História Trágica com Final Feliz - capa do livro.
Kali, o Pequeno Vampiro
O mediatismo conquistado pelo filme - estreado no IndieLisboa do ano passado, e já premiado nos importantes festivais de Hiroxima e de Chicago - contrasta com o quadro de crise aguda na animação em Portugal. Uma situação que não é mais do que a extensão, a este domínio, da crise que afectou a produção cinematográfica em geral, e que só nestes últimos dias tem visto abrirem-se perspectivas, com o lançamento dos concursos para os apoios para o corrente ano, e o desbloqueamento dos subsídios ainda relativos a 2011 - porque 2012, como se sabe, foi um "ano zero" para o sector, com a suspensão generalizada dos apoios do Instituto do Cinema e do Audiovisual (ICA).
O deserto...
"A situação é dramática, e à nossa frente só vemos o deserto", diz José Miguel Ribeiro, realizador, produtor, professor e presidente da Casa da Animação, associação fundada no Porto em 2002 e que no ano passado se viu na contingência de fechar a sede, por razões logísticas, mas principalmente pela perda do subsídio anual do ICA. "Com a suspensão desse apoio, não tínhamos condições para continuar", justifica o realizador de A Suspeita (Cartoon d'Or em 2000), que, no entanto, espera que a associação seja reactivada - para decidir o futuro, os sócios vão ser convocados para uma assembleia geral no corrente mês de Fevereiro.
A Suspeita
Produtor e realizador, Humberto Santana está já a sofrer na pele as consequências da crise. No ano passado, viu-se obrigado a encerrar o estúdio Animanostra que fundara em Lisboa, em 1991 (aí nasceu o boneco Vitinho, que no início da década de 90 dava na RTP as "boas-noites" aos mais novos). Este desfecho significou o despedimento das últimas quatro pessoas das mais de 30 que aí chegaram a trabalhar nos melhores anos da animação portuguesa.

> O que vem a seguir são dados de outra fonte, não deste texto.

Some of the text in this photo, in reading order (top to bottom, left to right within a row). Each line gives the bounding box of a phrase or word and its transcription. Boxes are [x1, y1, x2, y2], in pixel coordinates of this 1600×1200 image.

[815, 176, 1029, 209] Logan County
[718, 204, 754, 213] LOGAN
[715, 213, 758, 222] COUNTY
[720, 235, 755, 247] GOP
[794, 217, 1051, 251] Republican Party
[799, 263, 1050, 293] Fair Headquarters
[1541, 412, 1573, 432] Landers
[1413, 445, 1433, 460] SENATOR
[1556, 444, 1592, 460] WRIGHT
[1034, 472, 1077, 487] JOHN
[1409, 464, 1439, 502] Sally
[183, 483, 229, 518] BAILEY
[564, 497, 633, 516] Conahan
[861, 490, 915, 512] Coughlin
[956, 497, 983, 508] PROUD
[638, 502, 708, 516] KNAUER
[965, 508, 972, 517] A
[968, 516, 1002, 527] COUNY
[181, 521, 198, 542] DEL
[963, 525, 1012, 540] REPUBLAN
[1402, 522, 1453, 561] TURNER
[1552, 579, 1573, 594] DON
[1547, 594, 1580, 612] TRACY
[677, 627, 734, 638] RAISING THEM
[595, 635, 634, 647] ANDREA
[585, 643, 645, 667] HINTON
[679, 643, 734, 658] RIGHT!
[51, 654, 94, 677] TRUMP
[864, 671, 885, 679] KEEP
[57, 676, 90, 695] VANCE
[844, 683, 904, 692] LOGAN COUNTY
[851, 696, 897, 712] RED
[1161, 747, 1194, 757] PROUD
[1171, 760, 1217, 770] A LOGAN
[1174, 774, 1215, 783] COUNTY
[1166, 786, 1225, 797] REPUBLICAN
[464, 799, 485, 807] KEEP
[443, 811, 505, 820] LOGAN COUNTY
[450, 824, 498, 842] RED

Se há um nome que historicamente simboliza a maturidade e qualidade do cinema de animação de autor em Portugal, é Abi Feijó, autor de Os Salteadores (1993), Fado Lusitano (1995), O Clandestino (2000), filmes realizados sob a chancela do Filmógrafo, que fundou no Porto, em 1987. Por este estúdio-escola passaram vários animadores que viriam prolongar e projectar, depois, uma certa imagem de marca da animação de autor, como o já referido José Miguel Ribeiro, Pedro Serrazina (Estória do Gato e da Lua), ou... Regina Pessoa, que aí realizou o seu primeiro filme, A Noite (1999)
A Noite
A dedicação a tempo inteiro à animação viria a afectar mesmo a vida pessoal de Feijó, que se viu na contingência de vender o seu apartamento no Porto para pagar as dívidas do estúdio. Decidiu entretanto "regressar" à casa da sua família numa aldeia de Lousada, onde divide agora o tempo com a actividade lectiva (Algarve, Porto e Guimarães) e a produção, com a sua nova "empresa familiar" Ciclope Filmes, dos trabalhos da sua companheira Regina Pessoa. E projecta também a criação, na terra, de um Museu da Imagem Animada.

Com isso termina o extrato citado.